4 – I work with my clients so frequently to ask for what they need. It is no-one else’s responsibility or ability to guess. This show sends the clear message that we should all say the opposite of what we need and it’s our friends’ and parents’ and counselors’ responsibility to guess and meet our needs. — That’s a recipe for depression.

5 – Hannah takes no responsibility for her own life. It’s everyone else’s fault. The kids were mean and abusive, no doubt. But in the end she lived and died on her own. Multiple times the characters try to say “this isn’t my fault. Hannah made the decision, it’s on her.” The other characters dispel that notion and turn it back to “it’s all our faults.” Hannah paid the biggest price by not asking her parents for help especially since her mom was trying to hard to be involved in her life. She even asked about the tapes Hannah was recording. The one person Hannah does ask for help fails miserably. Thanks authors for reinforcing fears that asking for help won’t actually help.

If you or someone you know is depressed or feeling suicidal, the following points are very important. Please keep reading and don’t minimize it or follow any of the subliminal “advice” of 13RW.

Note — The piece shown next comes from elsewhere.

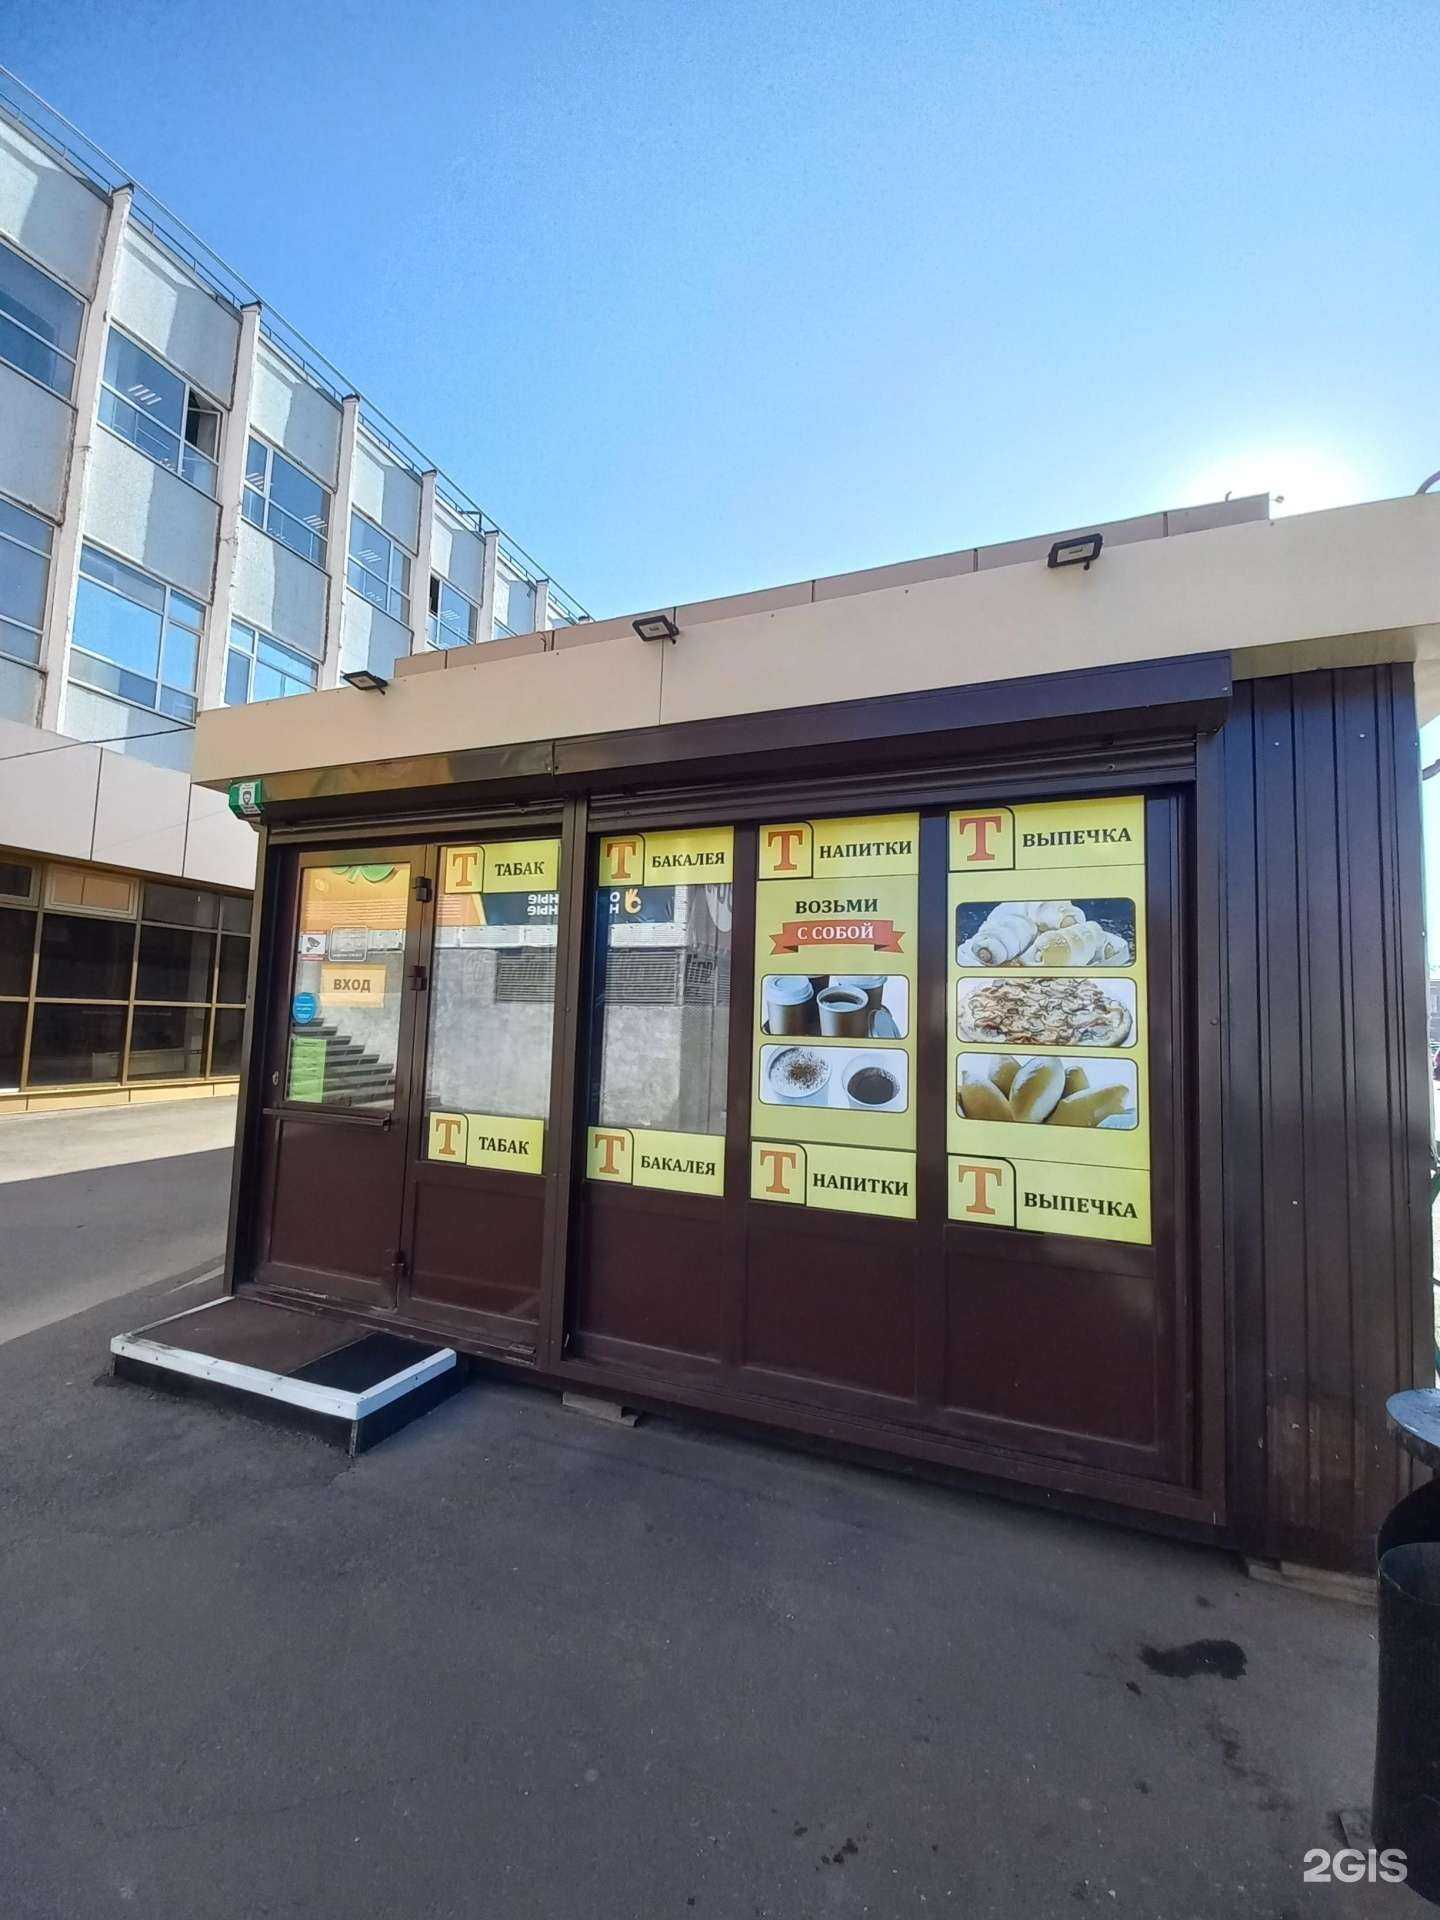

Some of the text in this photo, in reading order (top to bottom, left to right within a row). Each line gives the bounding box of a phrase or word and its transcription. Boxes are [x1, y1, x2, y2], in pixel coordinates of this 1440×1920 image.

1 – If you are feeling suicidal please know this show portrays how to handle it very poorly. If you are young and in school, your friends don’t know how to react or how to help you. This is very serious and most importantly you need to help yourself by seeking others who can help you. First talk to your parents if possible and ask them if you can see a therapist. Tell your school counselor. Call the suicide hotline. You’re in a very serious situation and you have to work to get out of it. Depression is anger turned inwards. Find someone to talk to who will help you express your anger in words, writing, drawing, exercise like boxing, etc. Any healthy ways you can think of to process your anger and use it up. When it’s trapped inside you and you don’t want to acknowledge it, it can turn into depression and you become angry at yourself instead. In my office when patients are feeling suicidal the first thing I say is “tell me everything that makes you angry.” Hannah was very angry, but instead of talking to a safe containing adult and processing it through, she turned the anger on herself.

2 – If you are in a relationship with someone who is suicidal. Call every appropriate adult, get them help, and then break up or take a break. Your partner needs help and it can’t come from you. Especially if you are young, you will sink faster than you recognize and it will effect you as well. It’s not your responsibility to save them or fix them.

Most importantly, know that you might not get the help you need by asking one or two or even three people. Keep trying and keep asking other people. Maybe even a friends parents would be a good resource. Adults are regular humans and sometimes they screw up and don’t handle situations the best way. Don’t give up, just keep looking for someone else to talk to. When Hannah’s counselor screwed up, I wish she had asked other adults for help.

3 – For parents, I recommend asking your kid if they’ve seen the show and what they thought. If they’re interested to talk, use it as a sounding board for an open conversation. Ask if they know anyone who’s experienced any of the abuse portrayed in the show or if they have personally. It’s a good time for a conversation about mental illness as well. Do they know any friends who are feeling depressed or anxious, or extremely stressed out? You can learn a lot by being truly curious and giving your child an opportunity to share with you. Some teens will reject questions about themselves directly, but once removed by talking about their friends and twice removed by talking about a tv show can facilitate a comfortable segway into their own lives.